#### [ASSIGNED TASK]
Every line of the listing must be repeated exactly.

#### [RECORDS FOR PROCESSING]

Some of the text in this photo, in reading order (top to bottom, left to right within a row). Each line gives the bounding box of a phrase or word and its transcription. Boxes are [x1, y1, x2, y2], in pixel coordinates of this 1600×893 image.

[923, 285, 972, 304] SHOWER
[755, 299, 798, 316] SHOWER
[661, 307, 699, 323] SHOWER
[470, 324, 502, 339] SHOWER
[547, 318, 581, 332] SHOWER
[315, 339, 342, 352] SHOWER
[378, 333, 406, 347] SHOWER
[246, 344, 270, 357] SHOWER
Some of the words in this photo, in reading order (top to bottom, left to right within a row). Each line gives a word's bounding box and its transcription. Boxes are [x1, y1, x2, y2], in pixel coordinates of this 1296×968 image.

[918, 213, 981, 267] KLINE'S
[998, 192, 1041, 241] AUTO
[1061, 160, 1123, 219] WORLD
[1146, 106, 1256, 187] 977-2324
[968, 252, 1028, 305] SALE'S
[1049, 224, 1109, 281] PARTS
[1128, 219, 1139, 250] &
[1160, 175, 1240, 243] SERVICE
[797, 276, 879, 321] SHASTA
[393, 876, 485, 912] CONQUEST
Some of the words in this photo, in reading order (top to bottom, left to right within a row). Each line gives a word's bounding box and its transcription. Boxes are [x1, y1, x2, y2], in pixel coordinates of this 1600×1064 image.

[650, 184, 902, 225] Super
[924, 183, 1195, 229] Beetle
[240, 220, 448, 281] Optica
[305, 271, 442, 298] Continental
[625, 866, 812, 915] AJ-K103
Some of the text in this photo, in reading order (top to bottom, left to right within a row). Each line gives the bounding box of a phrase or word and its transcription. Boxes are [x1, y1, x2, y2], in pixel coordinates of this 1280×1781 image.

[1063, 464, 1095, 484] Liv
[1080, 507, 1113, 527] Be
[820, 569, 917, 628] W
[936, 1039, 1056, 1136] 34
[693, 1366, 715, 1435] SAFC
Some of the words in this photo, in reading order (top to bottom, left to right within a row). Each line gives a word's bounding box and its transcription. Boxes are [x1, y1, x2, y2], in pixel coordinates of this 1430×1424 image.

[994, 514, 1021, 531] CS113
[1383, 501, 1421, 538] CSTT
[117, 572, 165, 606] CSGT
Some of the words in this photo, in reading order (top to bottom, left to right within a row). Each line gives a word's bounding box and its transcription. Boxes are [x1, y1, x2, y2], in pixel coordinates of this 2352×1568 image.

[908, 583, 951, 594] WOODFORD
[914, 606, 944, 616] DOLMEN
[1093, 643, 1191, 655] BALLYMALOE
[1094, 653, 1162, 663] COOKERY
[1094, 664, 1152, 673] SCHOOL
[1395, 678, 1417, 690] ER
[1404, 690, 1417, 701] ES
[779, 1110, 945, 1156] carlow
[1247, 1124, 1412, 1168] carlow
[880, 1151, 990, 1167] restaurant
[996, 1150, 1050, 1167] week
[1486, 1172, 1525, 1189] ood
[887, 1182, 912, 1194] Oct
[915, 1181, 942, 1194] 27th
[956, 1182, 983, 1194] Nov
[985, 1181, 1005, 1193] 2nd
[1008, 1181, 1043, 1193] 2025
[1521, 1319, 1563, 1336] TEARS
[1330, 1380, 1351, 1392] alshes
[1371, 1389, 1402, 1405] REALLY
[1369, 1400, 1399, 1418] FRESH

#### [SOLUTION TO THIS PROBLEM]
Some of the text in this photo, in reading order (top to bottom, left to right within a row). Each line gives the bounding box of a phrase or word and its transcription. Boxes are [x1, y1, x2, y2], in pixel coordinates of this 1600×893 image.

[923, 285, 972, 304] SHOWER
[755, 299, 798, 316] SHOWER
[661, 307, 699, 323] SHOWER
[470, 324, 502, 339] SHOWER
[547, 318, 581, 332] SHOWER
[315, 339, 342, 352] SHOWER
[378, 333, 406, 347] SHOWER
[246, 344, 270, 357] SHOWER
Some of the words in this photo, in reading order (top to bottom, left to right within a row). Each line gives a word's bounding box and its transcription. Boxes are [x1, y1, x2, y2], in pixel coordinates of this 1296×968 image.

[918, 213, 981, 267] KLINE'S
[998, 192, 1041, 241] AUTO
[1061, 160, 1123, 219] WORLD
[1146, 106, 1256, 187] 977-2324
[968, 252, 1028, 305] SALE'S
[1049, 224, 1109, 281] PARTS
[1128, 219, 1139, 250] &
[1160, 175, 1240, 243] SERVICE
[797, 276, 879, 321] SHASTA
[393, 876, 485, 912] CONQUEST
Some of the words in this photo, in reading order (top to bottom, left to right within a row). Each line gives a word's bounding box and its transcription. Boxes are [x1, y1, x2, y2], in pixel coordinates of this 1600×1064 image.

[650, 184, 902, 225] Super
[924, 183, 1195, 229] Beetle
[240, 220, 448, 281] Optica
[305, 271, 442, 298] Continental
[625, 866, 812, 915] AJ-K103
Some of the text in this photo, in reading order (top to bottom, left to right within a row). Each line gives the bounding box of a phrase or word and its transcription. Boxes are [x1, y1, x2, y2], in pixel coordinates of this 1280×1781 image.

[1063, 464, 1095, 484] Liv
[1080, 507, 1113, 527] Be
[820, 569, 917, 628] W
[936, 1039, 1056, 1136] 34
[693, 1366, 715, 1435] SAFC
Some of the words in this photo, in reading order (top to bottom, left to right within a row). Each line gives a word's bounding box and its transcription. Boxes are [x1, y1, x2, y2], in pixel coordinates of this 1430×1424 image.

[994, 514, 1021, 531] CS113
[1383, 501, 1421, 538] CSTT
[117, 572, 165, 606] CSGT
Some of the words in this photo, in reading order (top to bottom, left to right within a row). Each line gives a word's bounding box and its transcription. Boxes are [x1, y1, x2, y2], in pixel coordinates of this 2352×1568 image.

[908, 583, 951, 594] WOODFORD
[914, 606, 944, 616] DOLMEN
[1093, 643, 1191, 655] BALLYMALOE
[1094, 653, 1162, 663] COOKERY
[1094, 664, 1152, 673] SCHOOL
[1395, 678, 1417, 690] ER
[1404, 690, 1417, 701] ES
[779, 1110, 945, 1156] carlow
[1247, 1124, 1412, 1168] carlow
[880, 1151, 990, 1167] restaurant
[996, 1150, 1050, 1167] week
[1486, 1172, 1525, 1189] ood
[887, 1182, 912, 1194] Oct
[915, 1181, 942, 1194] 27th
[956, 1182, 983, 1194] Nov
[985, 1181, 1005, 1193] 2nd
[1008, 1181, 1043, 1193] 2025
[1521, 1319, 1563, 1336] TEARS
[1330, 1380, 1351, 1392] alshes
[1371, 1389, 1402, 1405] REALLY
[1369, 1400, 1399, 1418] FRESH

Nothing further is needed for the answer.